WORK REQUEST - Print the entries exactly; no image belongs in the copy.
= Beginning of Section =
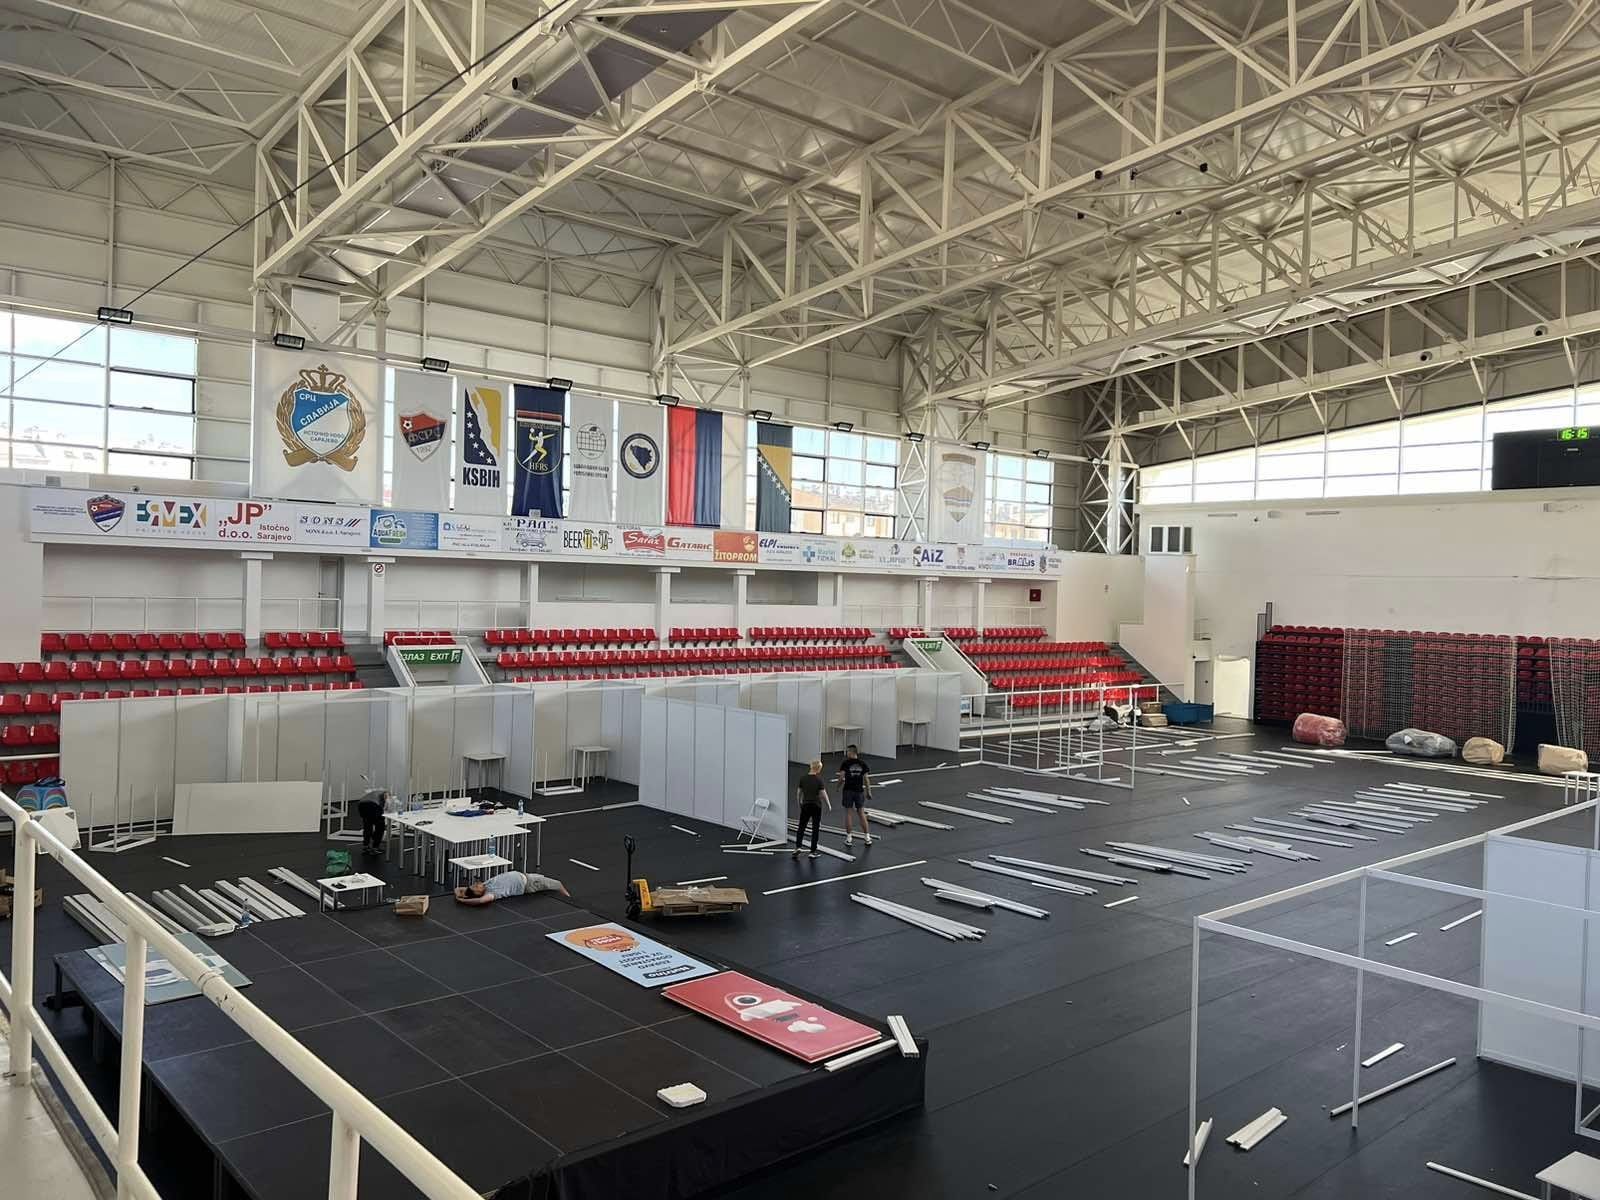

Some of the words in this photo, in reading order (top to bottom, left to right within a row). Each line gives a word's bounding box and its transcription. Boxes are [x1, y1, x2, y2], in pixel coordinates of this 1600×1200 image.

[299, 393, 317, 401] СРЦ
[300, 398, 340, 426] СЛАВИЈА
[1561, 427, 1588, 440] 16:15
[463, 467, 500, 488] KSBIH
[259, 523, 290, 532] Istočno
[218, 528, 253, 539] d.o.o.
[257, 532, 292, 542] Sarajevo
[563, 530, 582, 548] BEER
[759, 538, 777, 548] ELPI
[715, 550, 757, 561] ŽITOPROM
[430, 652, 450, 661] EXIT
= End of Section =
ANSWER TO THE EXERCISE -
Some of the words in this photo, in reading order (top to bottom, left to right within a row). Each line gives a word's bounding box and its transcription. Boxes are [x1, y1, x2, y2], in pixel coordinates of this 1600×1200 image.

[299, 393, 317, 401] СРЦ
[300, 398, 340, 426] СЛАВИЈА
[1561, 427, 1588, 440] 16:15
[463, 467, 500, 488] KSBIH
[259, 523, 290, 532] Istočno
[218, 528, 253, 539] d.o.o.
[257, 532, 292, 542] Sarajevo
[563, 530, 582, 548] BEER
[759, 538, 777, 548] ELPI
[715, 550, 757, 561] ŽITOPROM
[430, 652, 450, 661] EXIT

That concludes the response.